[Images for object localization]
Segment Open

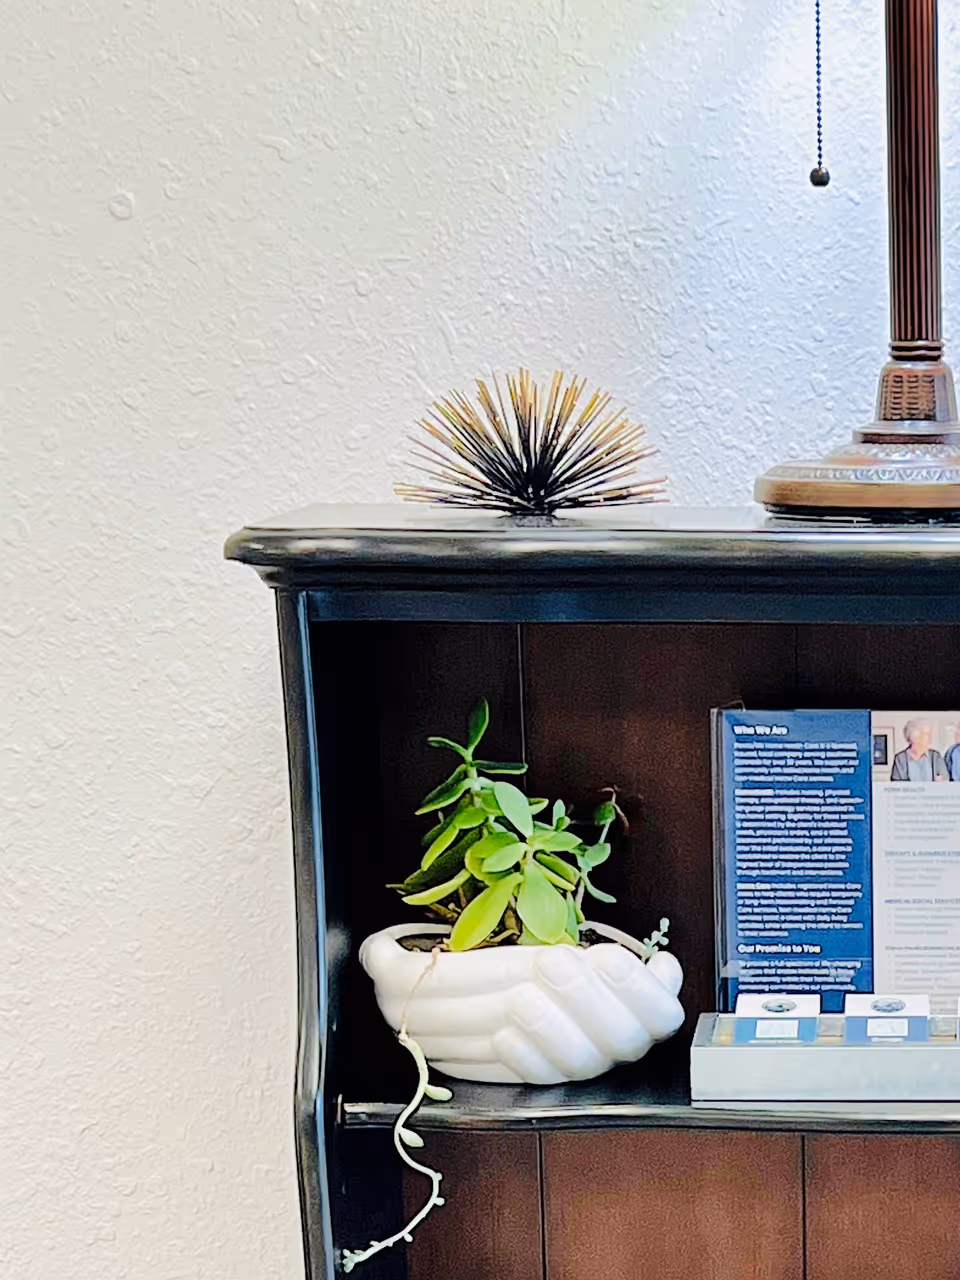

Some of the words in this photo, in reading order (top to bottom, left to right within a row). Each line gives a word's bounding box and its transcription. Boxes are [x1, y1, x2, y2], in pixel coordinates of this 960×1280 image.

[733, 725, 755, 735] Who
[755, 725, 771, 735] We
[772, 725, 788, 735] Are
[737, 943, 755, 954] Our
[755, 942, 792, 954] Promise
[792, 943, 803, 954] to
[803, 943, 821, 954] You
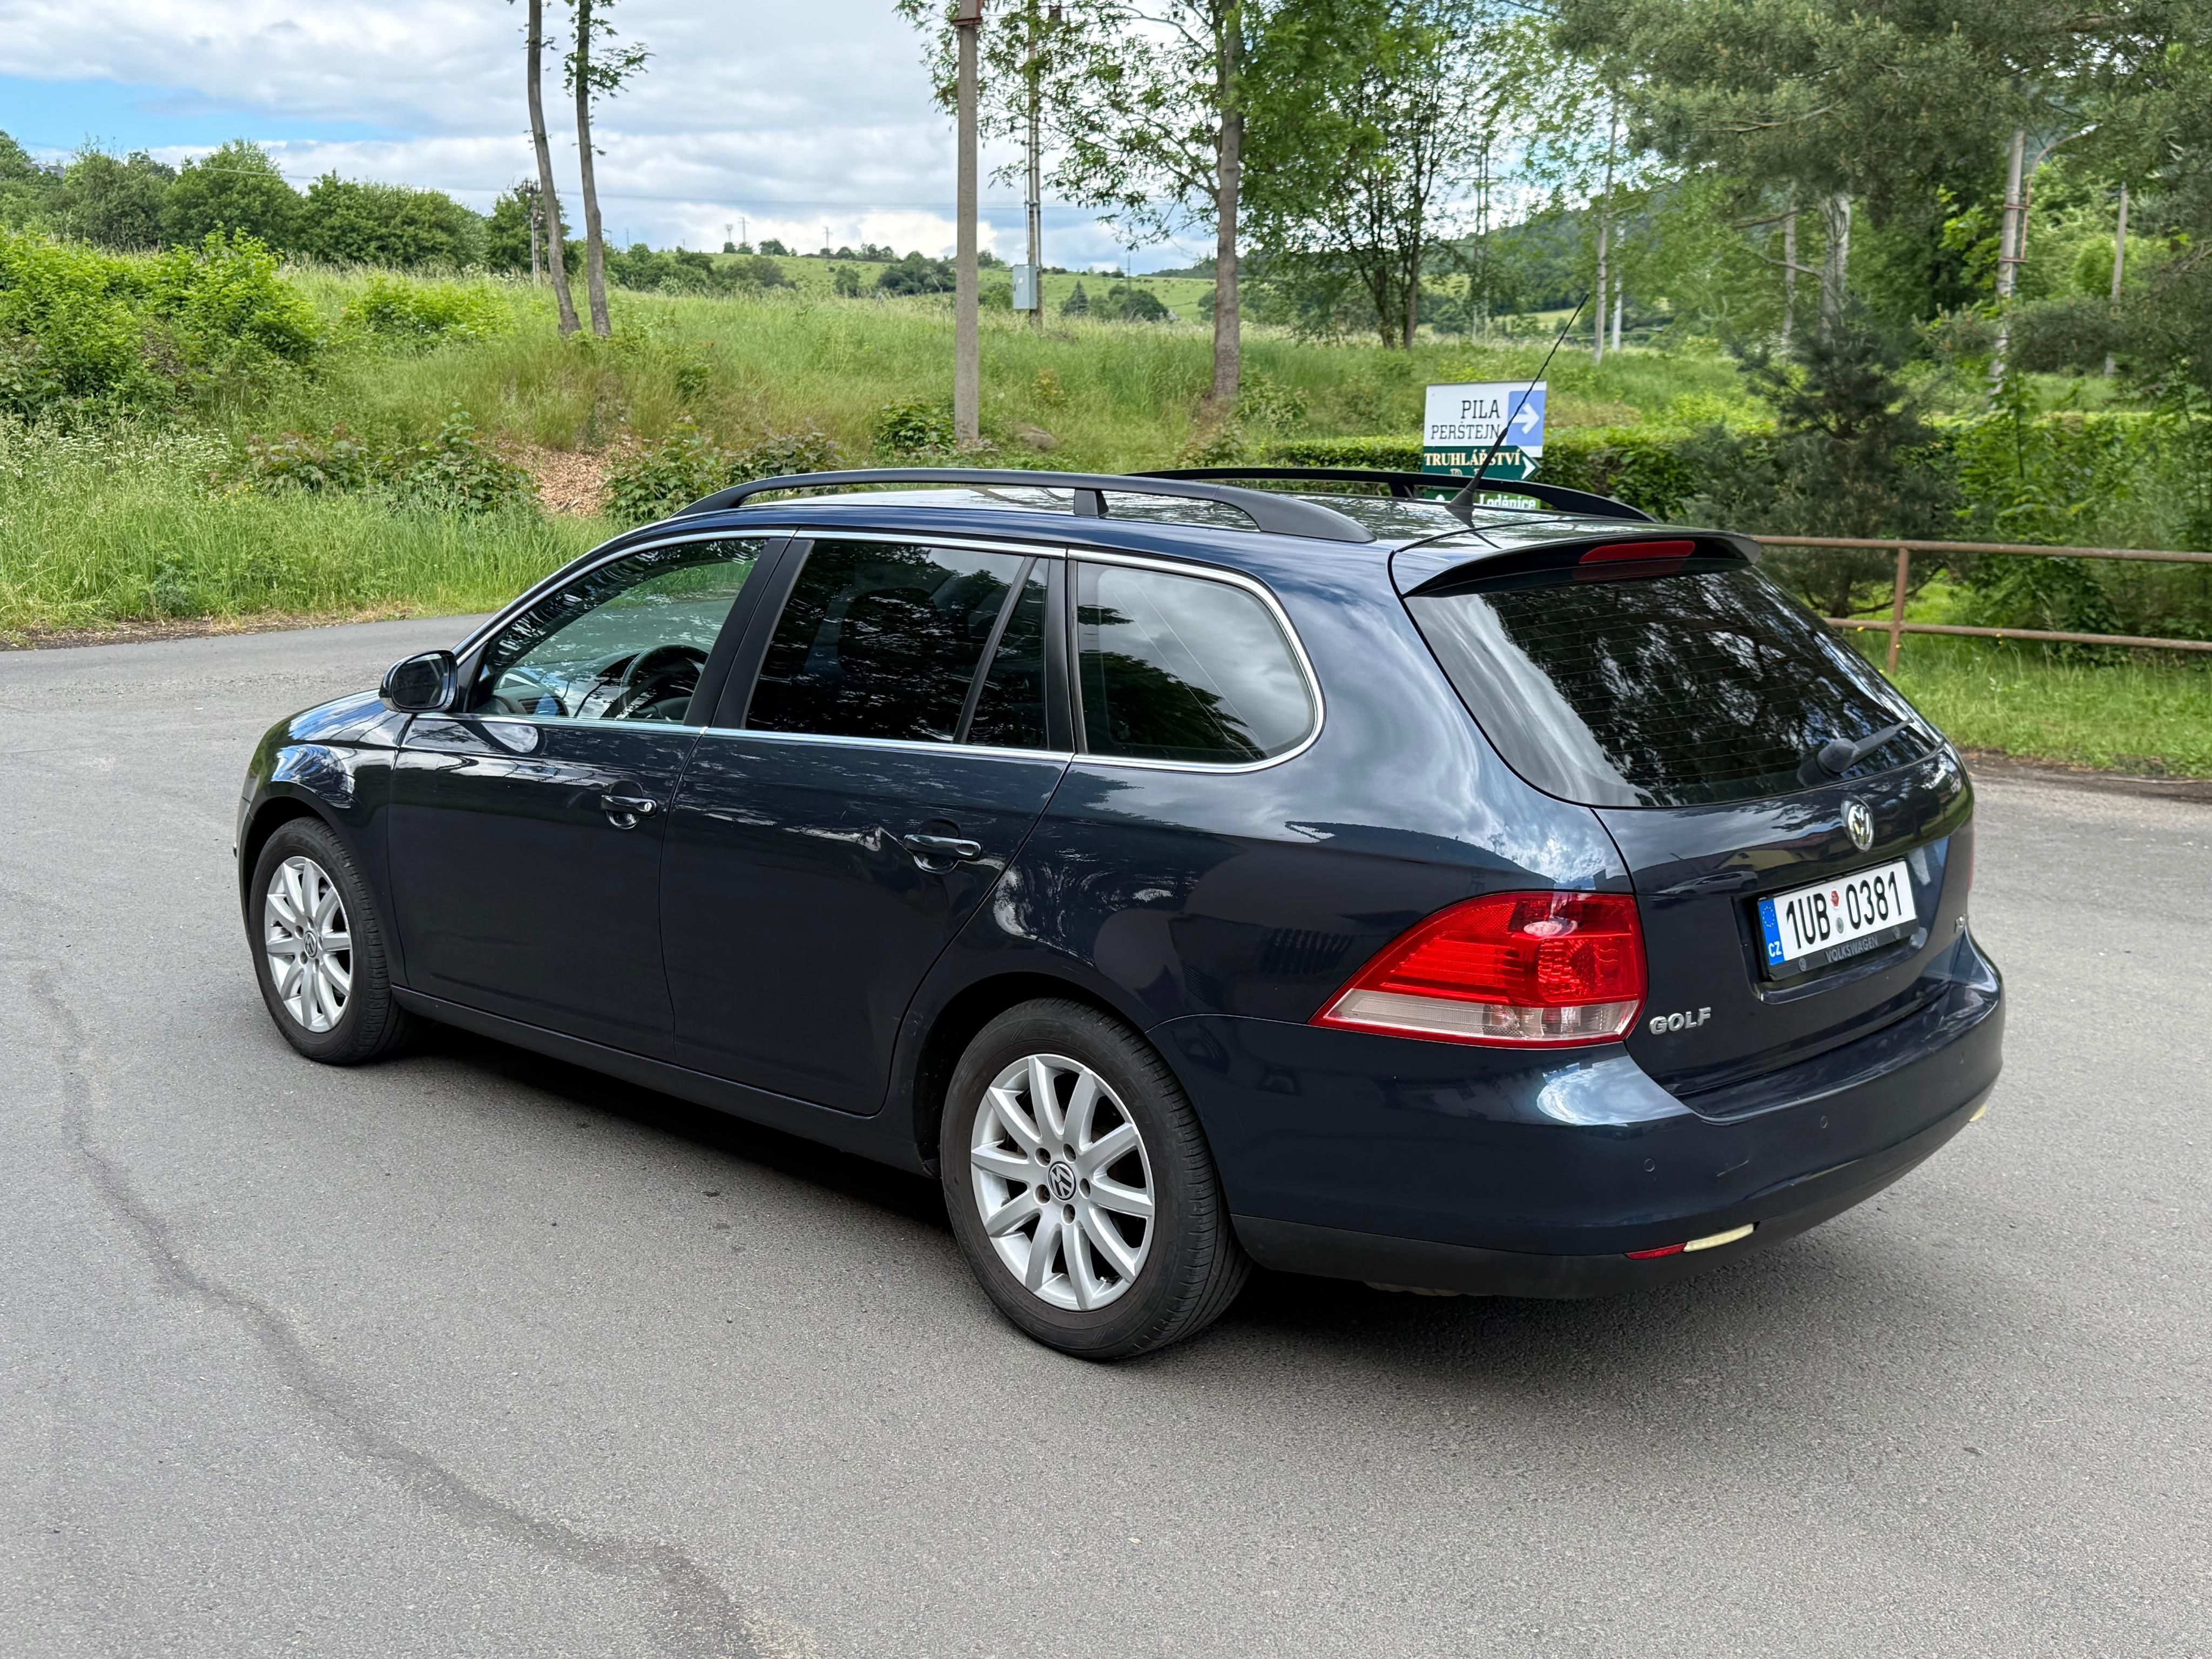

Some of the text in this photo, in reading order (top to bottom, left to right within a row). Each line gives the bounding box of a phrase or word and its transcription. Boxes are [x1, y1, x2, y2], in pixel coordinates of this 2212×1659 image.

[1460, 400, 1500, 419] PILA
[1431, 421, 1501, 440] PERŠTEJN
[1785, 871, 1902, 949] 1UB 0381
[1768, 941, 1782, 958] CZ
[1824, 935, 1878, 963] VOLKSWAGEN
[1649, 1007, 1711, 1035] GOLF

Segment Closed

__Task directions__
The required output is each line above restated verbatim, with all images omitted.

__Answer below__
Some of the words in this photo, in reading order (top to bottom, left to right within a row). Each line gives a word's bounding box and its transcription. Boxes are [x1, y1, x2, y2], in pixel coordinates of this 960×1280 image.

[733, 725, 755, 735] Who
[755, 725, 771, 735] We
[772, 725, 788, 735] Are
[737, 943, 755, 954] Our
[755, 942, 792, 954] Promise
[792, 943, 803, 954] to
[803, 943, 821, 954] You

Some of the text in this photo, in reading order (top to bottom, left to right within a row). Each line gives the bounding box of a phrase or word and its transcription. Boxes are [x1, y1, x2, y2], in pixel coordinates of this 2212×1659 image.

[1460, 400, 1500, 419] PILA
[1431, 421, 1501, 440] PERŠTEJN
[1785, 871, 1902, 949] 1UB 0381
[1768, 941, 1782, 958] CZ
[1824, 935, 1878, 963] VOLKSWAGEN
[1649, 1007, 1711, 1035] GOLF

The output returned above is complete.